Normally you will install an Operating System and that OS will automatically match and download the appropriate drivers for your hardware. (Motherboard Chipsets, Sata controllers, Network Cards, USB Hubs (onboard), etc, etc, etc)

Unfortunately with the FusionIO Drive PCIe cards… The drivers will not “automatically” install themselves. This is due to the proprietary driver situation. You will need to manually download and install these drivers from SanDisks Website.

Sounds pretty easy right?

Well… There are a few caveats with that ultra easy solution…

Due to EOL status, there are no more driver/software/firmware updates available for this hardware.

Per “bplein” from the MacRumors forums.


This post was from 2017. So these cards have not held up well in todays flash storage market, especially after being acquired by Sandisk aka WD.

If you are running ESXI 6.0 / 6.5 / (maybeeeee 7??) you will most likely be able to utilize these cards for VM storage.

If you are running Windows Server 2008 (God… I hope not), Server 2012 (hopefully R2), and perhaps 2016 or newer, then you should be able to install the Windows drivers pretty easily.
This means you can use it for Hyper-V, and any strenuous windows based workloads.
(Will it survive future OS updates… no one knows, so it would be sketchy to run critical data that isnt already backed up constantly)

Running on windows is semi beneficial in a multitude of ways. You can setup ISCSI, NFS, SMBv3 shares, and more with this drive. You could use it as an ultra fast network attached scratch disk (ideally 10Gb or better network)

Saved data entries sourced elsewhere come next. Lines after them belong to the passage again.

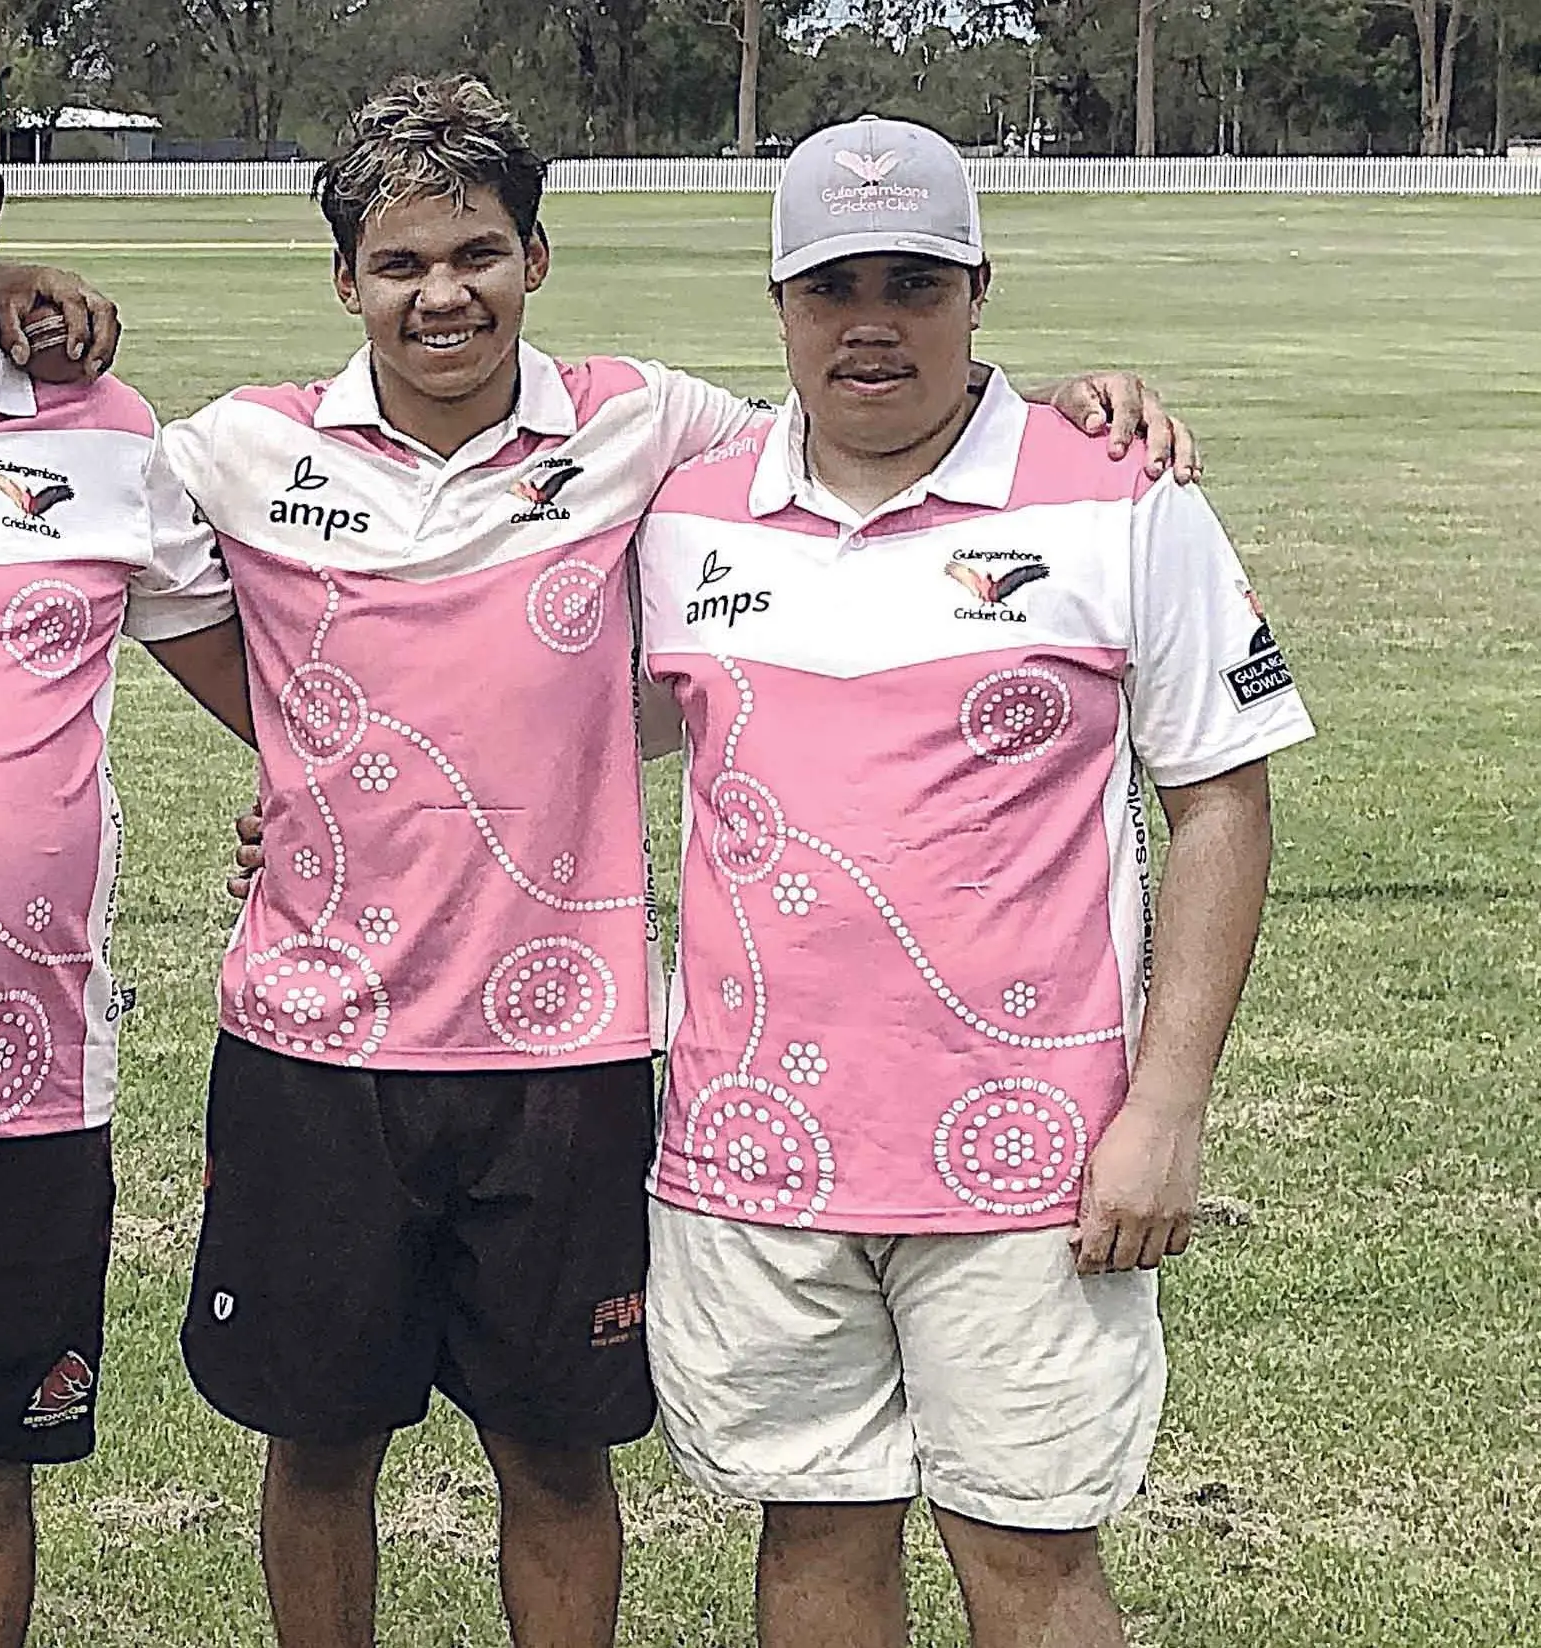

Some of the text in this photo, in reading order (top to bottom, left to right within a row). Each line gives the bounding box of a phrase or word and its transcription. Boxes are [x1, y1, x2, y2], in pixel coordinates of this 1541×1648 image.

[821, 182, 929, 203] Gulargambone
[829, 197, 919, 215] Cricket Club
[269, 499, 371, 542] amps
[952, 548, 1043, 562] Gulargambone
[686, 591, 772, 629] amps
[954, 607, 1027, 623] Cricket Club

If windows isnt your thing, you can always use the much older versions of Linux that the proprietary drivers do fully support. This is a 2-way street though, since modern linux kernels are optimized for current/future gen hardware.

“I have heard/read that I can compile my own driver?”

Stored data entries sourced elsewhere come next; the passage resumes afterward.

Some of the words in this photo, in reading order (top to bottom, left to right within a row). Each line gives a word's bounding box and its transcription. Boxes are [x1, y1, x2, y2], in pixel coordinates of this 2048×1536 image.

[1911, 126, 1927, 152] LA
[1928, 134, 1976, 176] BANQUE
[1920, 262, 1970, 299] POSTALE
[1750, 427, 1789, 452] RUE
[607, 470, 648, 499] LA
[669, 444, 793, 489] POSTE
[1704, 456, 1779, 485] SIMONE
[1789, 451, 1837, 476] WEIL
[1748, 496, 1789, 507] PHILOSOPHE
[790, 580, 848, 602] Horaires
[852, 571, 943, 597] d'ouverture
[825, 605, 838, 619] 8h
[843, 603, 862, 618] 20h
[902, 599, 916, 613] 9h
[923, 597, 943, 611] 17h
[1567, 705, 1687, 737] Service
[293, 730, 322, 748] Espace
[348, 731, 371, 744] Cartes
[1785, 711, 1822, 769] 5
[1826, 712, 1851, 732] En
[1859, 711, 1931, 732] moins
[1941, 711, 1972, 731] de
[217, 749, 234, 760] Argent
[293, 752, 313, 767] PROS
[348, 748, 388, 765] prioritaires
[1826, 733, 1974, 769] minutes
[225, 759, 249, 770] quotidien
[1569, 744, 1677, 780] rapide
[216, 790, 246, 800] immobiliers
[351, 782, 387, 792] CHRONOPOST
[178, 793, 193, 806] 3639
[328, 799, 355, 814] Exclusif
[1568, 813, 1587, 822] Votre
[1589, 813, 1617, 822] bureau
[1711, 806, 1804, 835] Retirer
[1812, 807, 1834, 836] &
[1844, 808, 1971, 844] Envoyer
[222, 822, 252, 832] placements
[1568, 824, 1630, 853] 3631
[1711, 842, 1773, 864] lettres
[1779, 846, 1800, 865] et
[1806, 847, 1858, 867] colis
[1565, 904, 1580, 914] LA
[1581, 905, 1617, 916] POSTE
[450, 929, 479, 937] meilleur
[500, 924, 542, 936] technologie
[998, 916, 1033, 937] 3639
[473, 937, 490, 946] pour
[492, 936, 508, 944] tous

Yes… It is said by various people on the interwebs that you can take the most recent driver source code from Sandisk (ver 3.2.x) and recompile it on any linux version you want.
However, this is pretty difficult from what I have found, and there is no guarantee that it will perform as expected and with any kind of stability…

One Last Thing

The FusionIO Drive 2 DUO card is 2x 1.2TB slapped onto a single PCIe card. You can run them as seperate 1.2TB drives or a single 2.4TB drive.

You WILL need sometype of cooling if running these cards in a non enterprise server.
(Passive air cooling will most likely not be enough)

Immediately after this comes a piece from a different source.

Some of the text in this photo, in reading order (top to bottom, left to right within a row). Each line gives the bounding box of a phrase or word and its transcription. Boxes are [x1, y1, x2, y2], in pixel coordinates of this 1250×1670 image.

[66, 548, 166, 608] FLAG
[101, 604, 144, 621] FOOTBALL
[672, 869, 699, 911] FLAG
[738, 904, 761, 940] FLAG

From further research, I have also found that these cards require some watts to perform. :zap:


To get maximum performance, you will need to enable high power mode… otherwise you will need a special external power connector (which usually ships with a new drive, but is hard to find on the 2nd hand market)
It is probably recommended to get the external power connector if you are running multiple PCIe cards in a single system.

Now, all things considered here. We have 2x ways to use this PCIe card in 2020 with minimal setup required.

It has been proven that you can easily use this card with ESXI 6.7U3 (it does NOT work in ESXI 7.0) – It IS a bit tedious to get it fully setup, due to manually installing ESXI .VIB files, but other than that, its an excellent device to run VMs on.
AND
You can use this PCIe card in Windows 10 / Windows Server 2016 or greater. (The drivers are easy to install, and its easy to setup)

These are excellent if you get them cheap, and have one of the 2x scenarios above.